Segment Start: DATA SHOWN

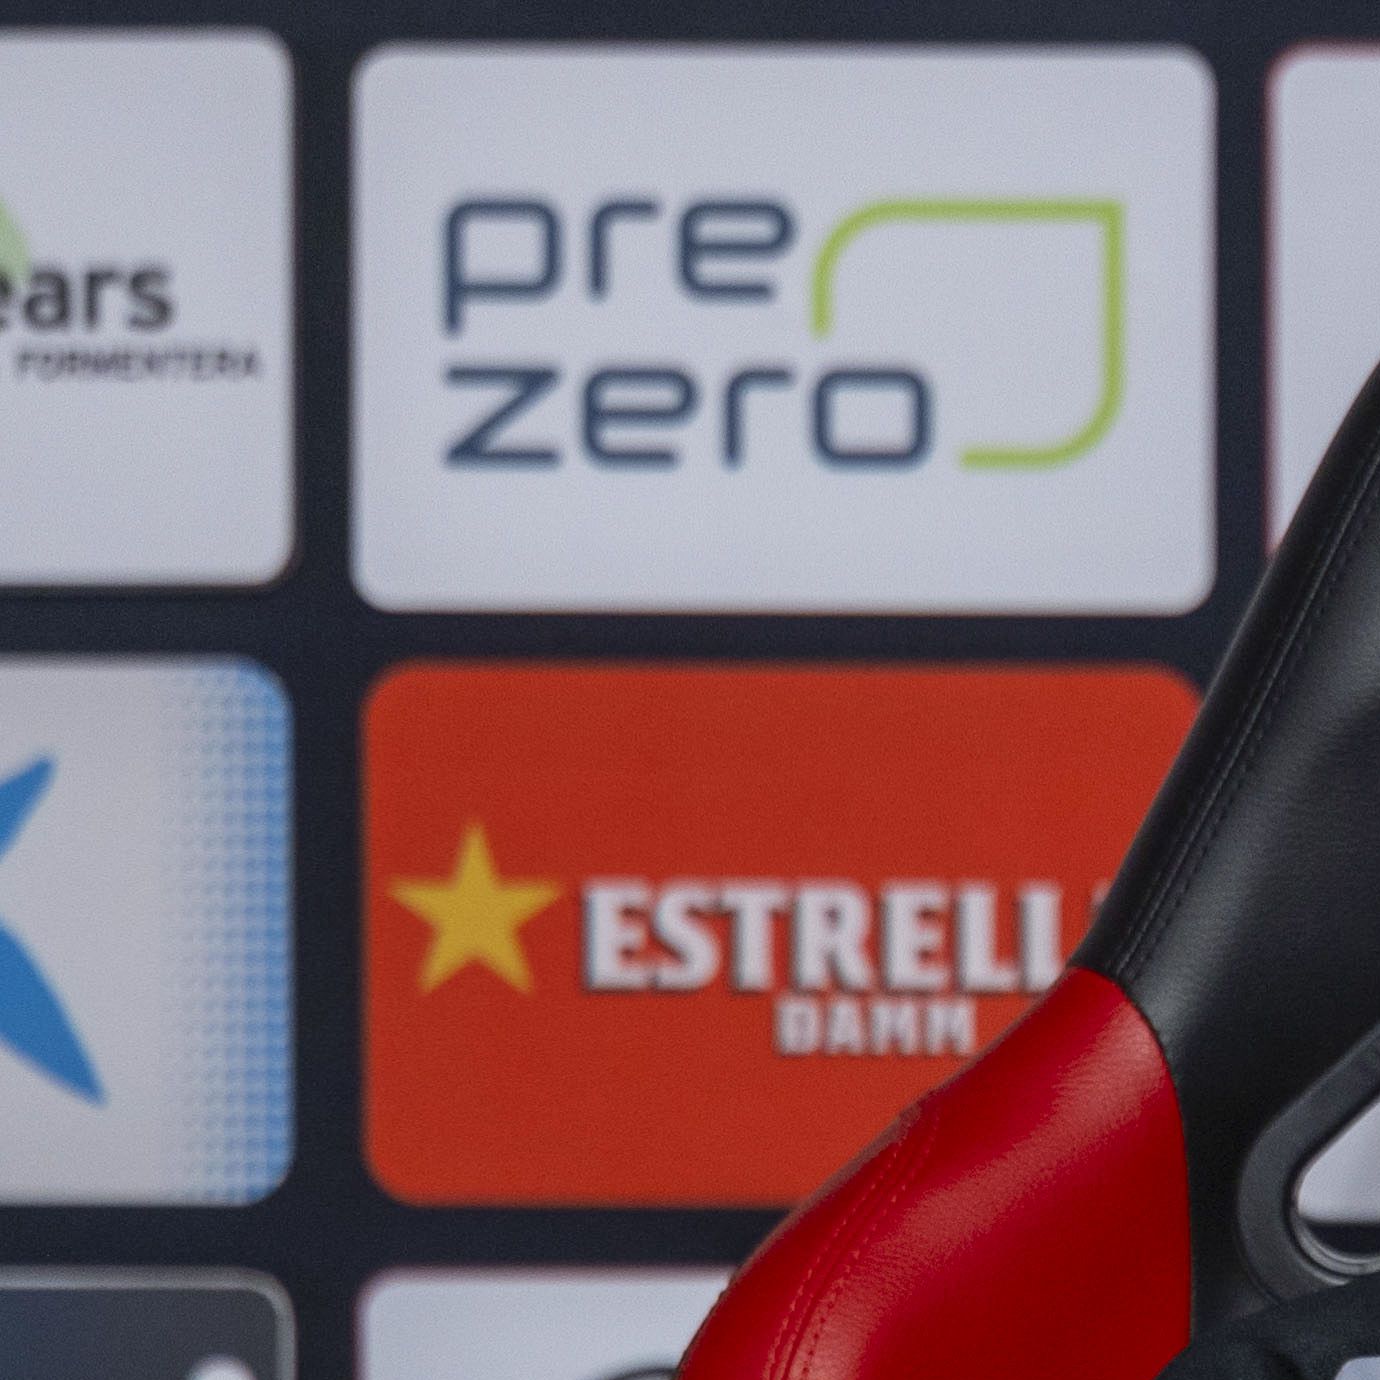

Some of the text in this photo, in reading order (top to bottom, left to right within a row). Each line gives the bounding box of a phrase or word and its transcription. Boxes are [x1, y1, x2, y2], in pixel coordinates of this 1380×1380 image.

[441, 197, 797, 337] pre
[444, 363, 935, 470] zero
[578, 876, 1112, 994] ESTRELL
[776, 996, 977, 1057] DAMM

Segment End: DATA SHOWN

Every line of the listing should be copied precisely, with images omitted.

## OUTPUT BELOW
Some of the text in this photo, in reading order (top to bottom, left to right within a row). Each line gives the bounding box of a phrase or word and its transcription. Boxes are [x1, y1, x2, y2], in pixel coordinates of this 1380×1380 image.

[441, 197, 797, 337] pre
[444, 363, 935, 470] zero
[578, 876, 1112, 994] ESTRELL
[776, 996, 977, 1057] DAMM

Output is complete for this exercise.